Until now I had been ignoring the younger girl with her. Despite the pigtails I had to guess the other girl, dressed in a cute blue sundress, had to be about seventeen or eighteen. She stepped closer to us and smiled reassuringly.
“Yes, it is her John. Think of me as an intercessor. We can’t stay, but in order for you both to move on, this meeting was necessary.”
“John, this isn’t you,” Christina sobbed as she wrapped her arms around me. “I did this to you. I’m so sorry. Please, please forgive me!” What was she talking about? She gave me my life!
“There’s nothing to forgive,” I told her as gently as I could manage. “You saved my life, Chrissie. I’m the one who should be feeling guilty. You had to die for me to live,” I practically whimpered.
“No, John. Don’t blame yourself. Never, ever blame yourself.”
The other girl moved a step closer. “She’s going to be okay, John. I promise. You have to let her go for her to be able to let you go, okay? You will see one another again.”
I bit my lip. There was something I just had to ask. I’d thought about this all afternoon. I knew it felt sudden, but I couldn’t escape or deny how much closer I felt to both my Angel and Christina now. I didn’t want to give that up.
“Um, just one thing,” I hesitantly asked. They nodded in unison. “If I want to keep dressing like this, may I?”
Christina laughed. She laughed! “What?”
“Don’t laugh!” I teased, poking her lightly in the chest to put a point on my statement even as I smiled at her to show I wasn’t really upset. “Chrissie, I feel closer to you and Angel than I have in a long time. I feel like I’m part of some sort of secret club guys aren’t supposed to be a part of. I don’t want to let that go.”
She nodded happily as she leaned closer to kiss my forehead. I gave her a light squeeze in response. “Of course. Do whatever you have to do to find happiness, but please do find that happiness. Don’t mourn me anymore. I’ll wait for you on the other side, when it’s your time, and not a day sooner, okay?”
“Not a day sooner,” I answered happily as I gave her one last sisterly hug. “I love you sis.”
“I love you too, ‘sis’,” she teased. I felt a little blush in my cheeks as she giggled.
The other girl took her by the hand and smiled gently. “It’s time, Christina. I’m sorry.”
“Will I ever see you again?”
“When it’s your time, you’ll see us both. Remember to live life to its fullest, so that when your time comes, you’re ready to let go too.” The girl responded. She leaned up to kiss my cheek cheek. I could still feel the warmth of her lips as I smiled and waved.. They stepped away, turned, and she squeezed Christina’s hand. “Let’s go home.”

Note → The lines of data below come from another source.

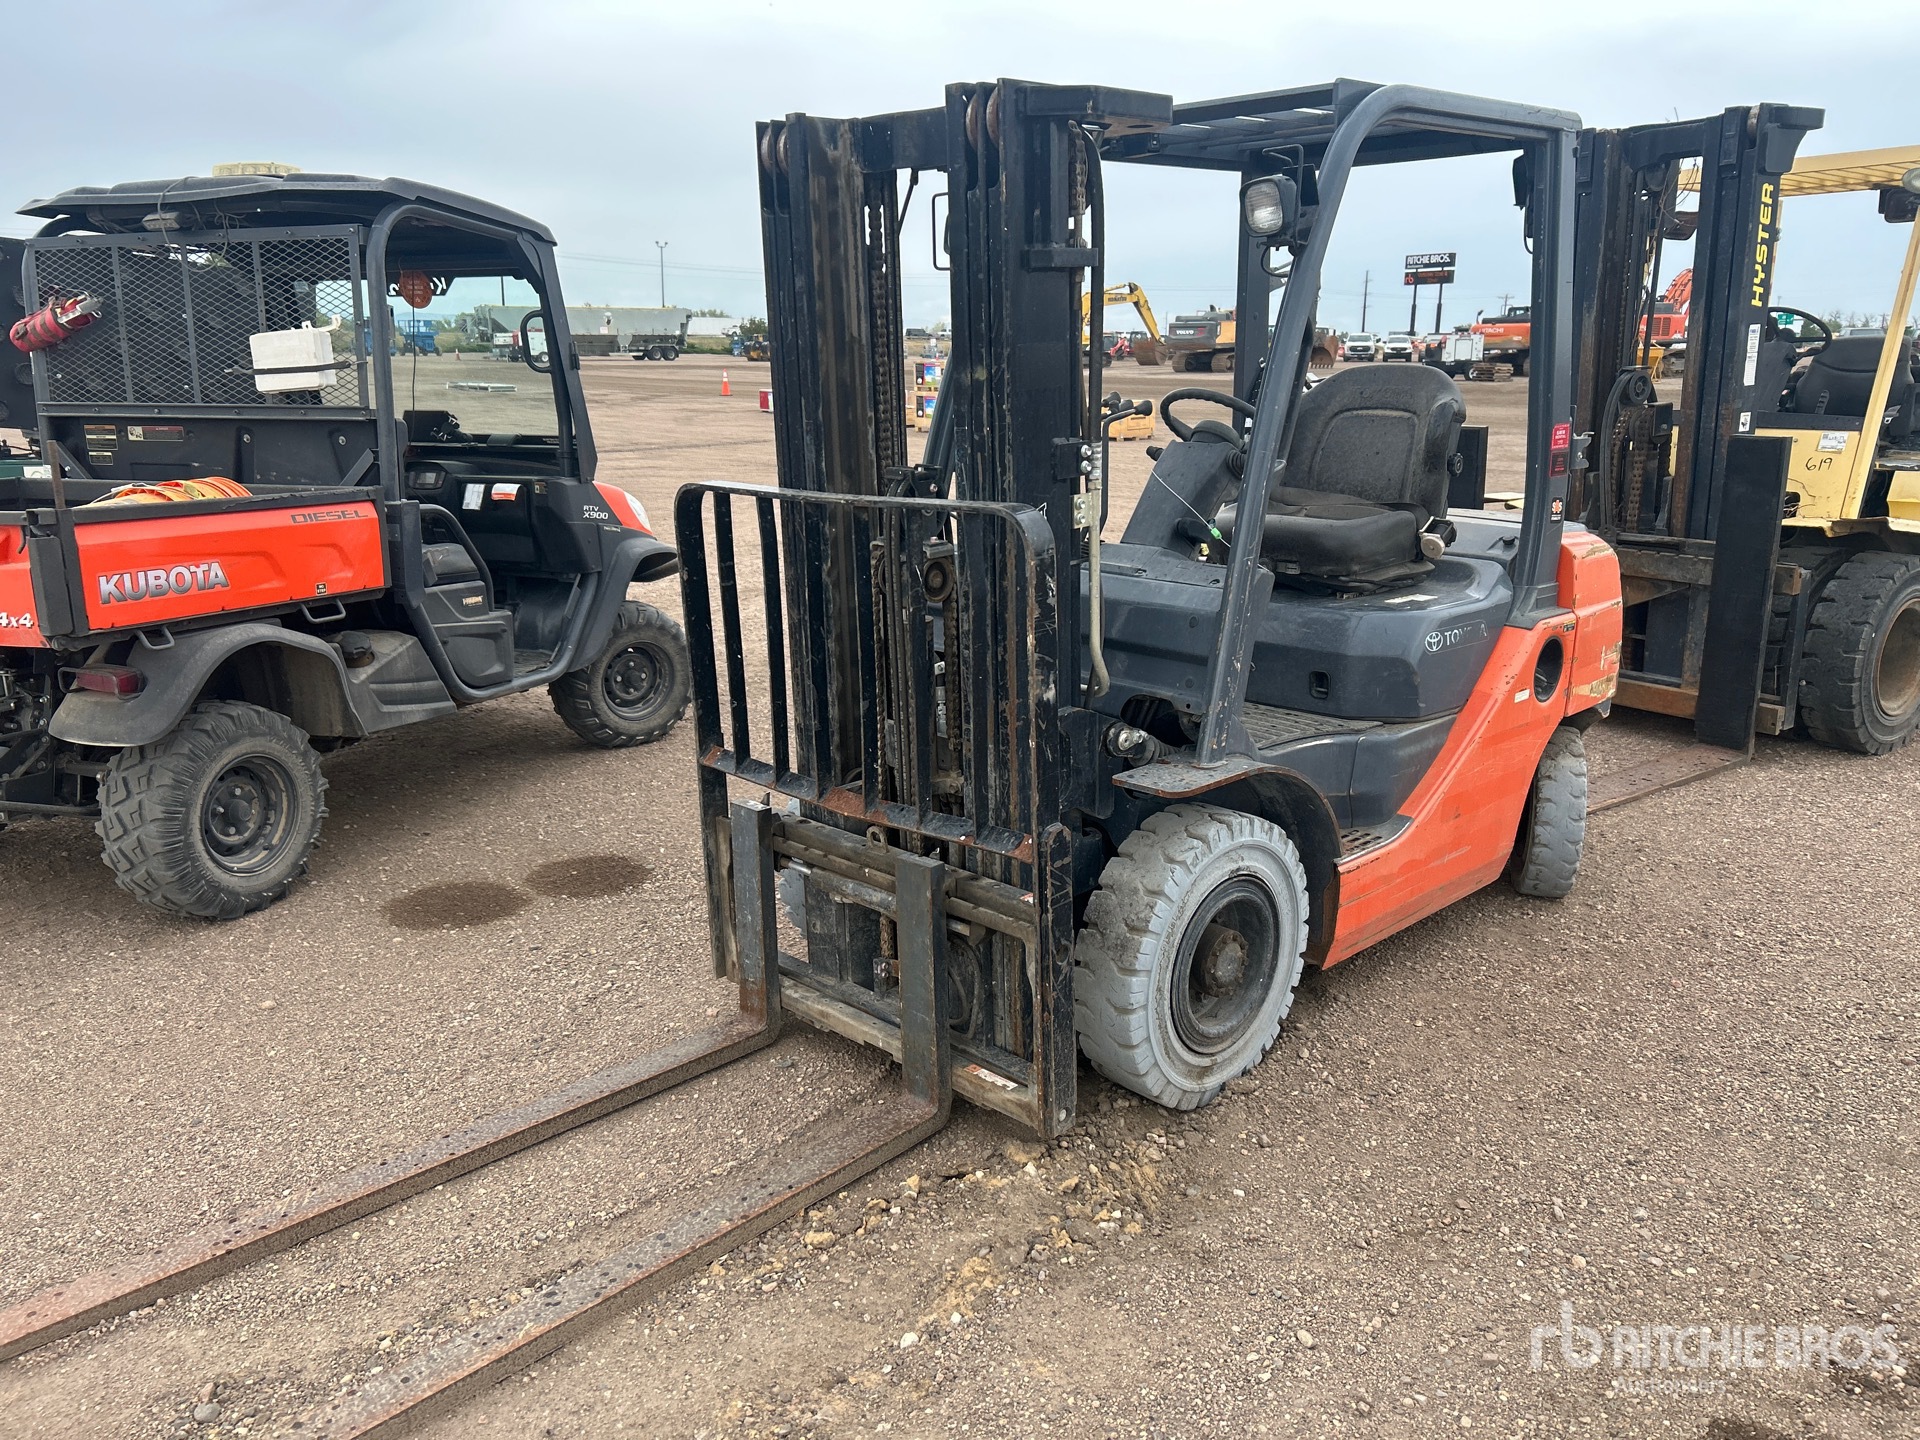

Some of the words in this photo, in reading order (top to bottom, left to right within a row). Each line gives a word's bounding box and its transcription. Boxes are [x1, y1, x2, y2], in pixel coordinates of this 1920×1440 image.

[1751, 182, 1774, 307] HYSTER
[1407, 255, 1429, 264] RITCHIE
[1805, 456, 1833, 471] 619
[290, 509, 369, 524] DIESEL
[583, 511, 608, 520] X900
[98, 561, 230, 604] KUBOTA
[0, 611, 34, 629] 4x4
[1444, 623, 1487, 646] TOA
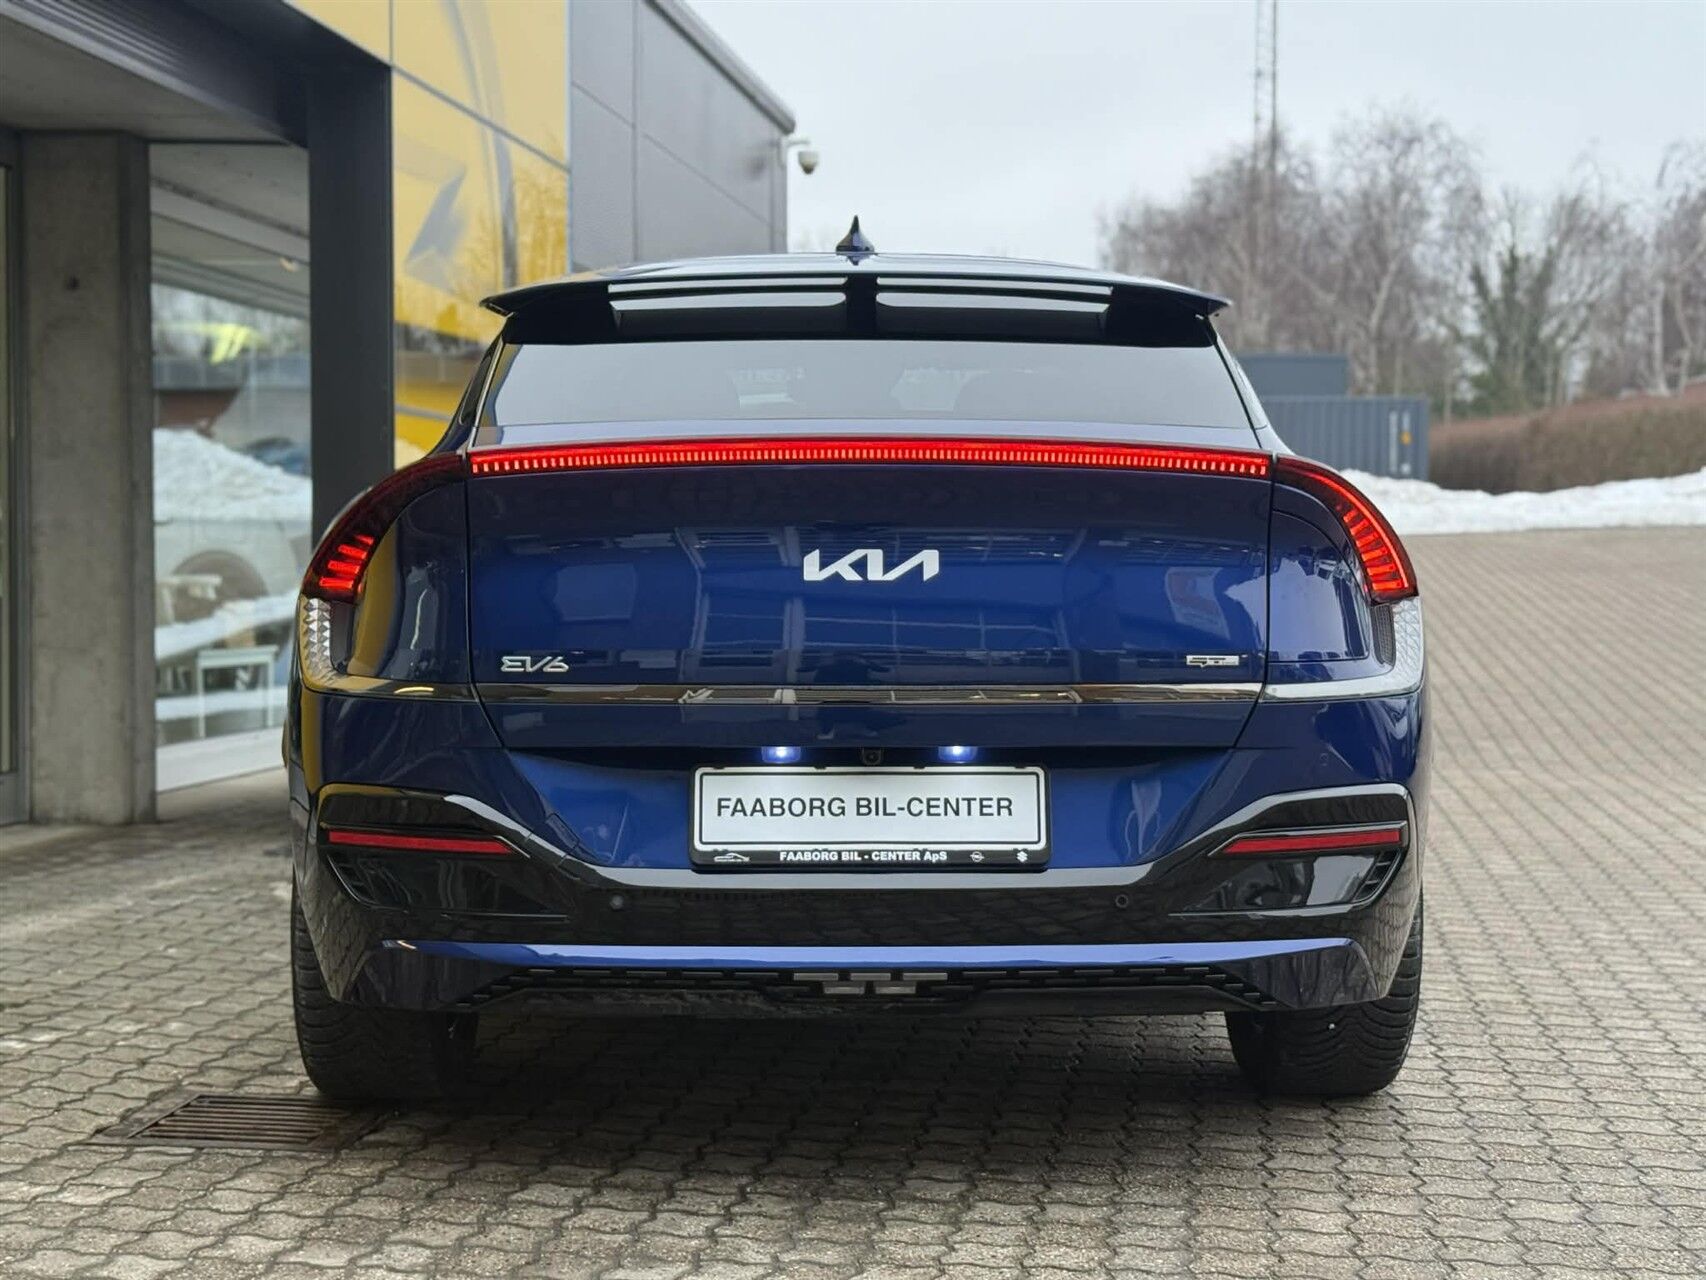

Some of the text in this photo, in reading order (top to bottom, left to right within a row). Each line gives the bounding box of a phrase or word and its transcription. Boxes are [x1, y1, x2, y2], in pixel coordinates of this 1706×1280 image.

[500, 655, 570, 673] EV6
[716, 796, 1014, 818] FAABORG BIL-CENTER
[779, 851, 839, 862] FAABORG
[841, 851, 862, 861] BIL
[871, 851, 921, 862] CENTER
[923, 851, 948, 863] ApS

I woke early the next morning. Darkness pervaded my surroundings. Was that all just a dream? Did that really happen? In the distance, I heard a lilted giggle. I suddenly became aware of something in my hands that felt rough, almost like rustic leather.
I reached out over the nightstand, turning on Christina’s lamp, to find the book from my dreams. I clutched it to my chest as I sat in silence, smiling fondly.